As you can see, it had only been given LOOKUP_FOLLOW | LOOKUP_DIRECTORY,
LOOKUP_FOLLOW or 0. Old behaviour in a sense of kern_path() accepting
LOOKUP_PARENT is not going to come back - it would have been inherently racy
all along *and* nothing in mainline kernel had ever attempted that stupidity.

LOOKUP_PARENT had always been only for primitives that had left nameidata
to the caller, so that it could do something about the last component.
kern_path() is nothing of that kind and no, I'm not going to reexpose
nameidata to anything outside of fs/namei.c.
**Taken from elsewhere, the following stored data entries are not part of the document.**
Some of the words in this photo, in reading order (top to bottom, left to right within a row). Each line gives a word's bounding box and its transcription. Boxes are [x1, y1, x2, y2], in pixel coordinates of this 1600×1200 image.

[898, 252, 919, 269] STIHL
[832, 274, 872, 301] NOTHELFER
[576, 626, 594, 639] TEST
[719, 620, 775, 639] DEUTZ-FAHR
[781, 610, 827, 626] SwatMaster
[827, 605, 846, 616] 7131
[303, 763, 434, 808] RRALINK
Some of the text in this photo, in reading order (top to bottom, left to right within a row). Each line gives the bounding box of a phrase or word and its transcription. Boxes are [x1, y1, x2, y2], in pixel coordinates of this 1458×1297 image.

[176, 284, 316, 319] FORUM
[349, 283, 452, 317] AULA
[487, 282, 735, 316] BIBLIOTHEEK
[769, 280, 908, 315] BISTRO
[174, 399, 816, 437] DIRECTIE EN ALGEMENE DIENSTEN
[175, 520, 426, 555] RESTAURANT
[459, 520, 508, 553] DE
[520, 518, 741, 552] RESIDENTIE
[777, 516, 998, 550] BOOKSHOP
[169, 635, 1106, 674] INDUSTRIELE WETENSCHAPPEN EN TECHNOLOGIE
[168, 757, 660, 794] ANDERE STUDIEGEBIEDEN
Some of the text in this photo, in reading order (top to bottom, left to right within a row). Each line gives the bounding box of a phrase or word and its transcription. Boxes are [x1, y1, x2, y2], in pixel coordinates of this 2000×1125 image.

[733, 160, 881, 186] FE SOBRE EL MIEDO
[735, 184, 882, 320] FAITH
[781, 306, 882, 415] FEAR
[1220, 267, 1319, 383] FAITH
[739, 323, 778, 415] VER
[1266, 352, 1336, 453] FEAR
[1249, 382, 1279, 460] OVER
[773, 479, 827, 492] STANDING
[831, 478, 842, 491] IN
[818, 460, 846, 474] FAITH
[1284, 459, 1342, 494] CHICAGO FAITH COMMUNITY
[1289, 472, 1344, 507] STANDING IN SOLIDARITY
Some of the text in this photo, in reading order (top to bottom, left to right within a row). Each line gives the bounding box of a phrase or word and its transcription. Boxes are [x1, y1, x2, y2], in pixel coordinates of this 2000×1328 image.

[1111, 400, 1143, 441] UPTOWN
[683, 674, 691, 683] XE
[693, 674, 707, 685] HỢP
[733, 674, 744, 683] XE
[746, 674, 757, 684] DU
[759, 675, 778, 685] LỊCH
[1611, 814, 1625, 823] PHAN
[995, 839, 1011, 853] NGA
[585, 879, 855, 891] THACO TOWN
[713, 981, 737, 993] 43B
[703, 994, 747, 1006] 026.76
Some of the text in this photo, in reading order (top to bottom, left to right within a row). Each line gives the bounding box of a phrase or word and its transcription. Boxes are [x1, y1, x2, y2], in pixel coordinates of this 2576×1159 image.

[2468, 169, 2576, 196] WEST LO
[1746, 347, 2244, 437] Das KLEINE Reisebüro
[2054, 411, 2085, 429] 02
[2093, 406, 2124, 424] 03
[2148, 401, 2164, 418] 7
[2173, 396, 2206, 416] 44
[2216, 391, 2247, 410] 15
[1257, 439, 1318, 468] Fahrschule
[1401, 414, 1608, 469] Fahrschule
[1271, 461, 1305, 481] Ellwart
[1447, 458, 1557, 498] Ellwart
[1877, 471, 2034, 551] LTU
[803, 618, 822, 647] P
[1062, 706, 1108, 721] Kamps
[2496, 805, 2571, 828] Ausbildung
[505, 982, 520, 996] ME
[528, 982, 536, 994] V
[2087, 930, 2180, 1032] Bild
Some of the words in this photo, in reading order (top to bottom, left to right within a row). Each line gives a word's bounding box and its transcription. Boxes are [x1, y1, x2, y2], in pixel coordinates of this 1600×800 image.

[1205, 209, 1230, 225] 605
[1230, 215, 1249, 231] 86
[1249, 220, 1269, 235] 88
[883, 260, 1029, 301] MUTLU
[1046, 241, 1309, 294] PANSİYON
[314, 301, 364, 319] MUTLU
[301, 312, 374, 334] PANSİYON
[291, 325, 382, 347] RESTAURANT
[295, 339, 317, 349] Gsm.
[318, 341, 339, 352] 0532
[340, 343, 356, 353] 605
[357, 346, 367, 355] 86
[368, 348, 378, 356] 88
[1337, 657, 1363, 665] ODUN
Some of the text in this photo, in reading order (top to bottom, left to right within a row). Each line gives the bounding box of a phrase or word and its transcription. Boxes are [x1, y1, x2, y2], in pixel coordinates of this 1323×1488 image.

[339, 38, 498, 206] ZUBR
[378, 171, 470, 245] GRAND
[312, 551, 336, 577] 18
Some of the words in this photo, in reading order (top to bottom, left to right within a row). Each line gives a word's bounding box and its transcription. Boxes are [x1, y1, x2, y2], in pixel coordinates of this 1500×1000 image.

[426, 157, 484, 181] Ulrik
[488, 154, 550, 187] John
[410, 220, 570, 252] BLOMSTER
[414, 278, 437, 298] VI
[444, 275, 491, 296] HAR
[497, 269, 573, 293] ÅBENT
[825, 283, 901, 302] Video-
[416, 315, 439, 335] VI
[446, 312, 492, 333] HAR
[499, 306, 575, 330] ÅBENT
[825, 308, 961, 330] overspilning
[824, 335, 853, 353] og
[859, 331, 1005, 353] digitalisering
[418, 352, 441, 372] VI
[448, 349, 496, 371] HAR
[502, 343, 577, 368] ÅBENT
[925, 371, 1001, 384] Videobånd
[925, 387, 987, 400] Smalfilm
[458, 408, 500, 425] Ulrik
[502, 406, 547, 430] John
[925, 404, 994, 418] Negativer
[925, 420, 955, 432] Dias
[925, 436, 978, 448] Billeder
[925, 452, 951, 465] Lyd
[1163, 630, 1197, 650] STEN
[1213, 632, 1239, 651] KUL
Out of existing primitives kern_path_locked() is the closest sane
approximation. It could be exported, if your customer cares to give
details. If they do not, tell them that their abuse of kern_path() accidental
behaviour had been wrong all along and the old versions of their out-of-tree
code are almost certainly racy. If they are interested in safe replacement,
they'd better provide details.

BTW, see 15a9155fe3e8 (fix race in audit_get_nd()) for an example of similar
race. That was the one and only bug of that sort that made it into the
mainline. That was path_lookup() with LOOKUP_PARENT (in principle legitimate)
with nd simply discarded by the caller.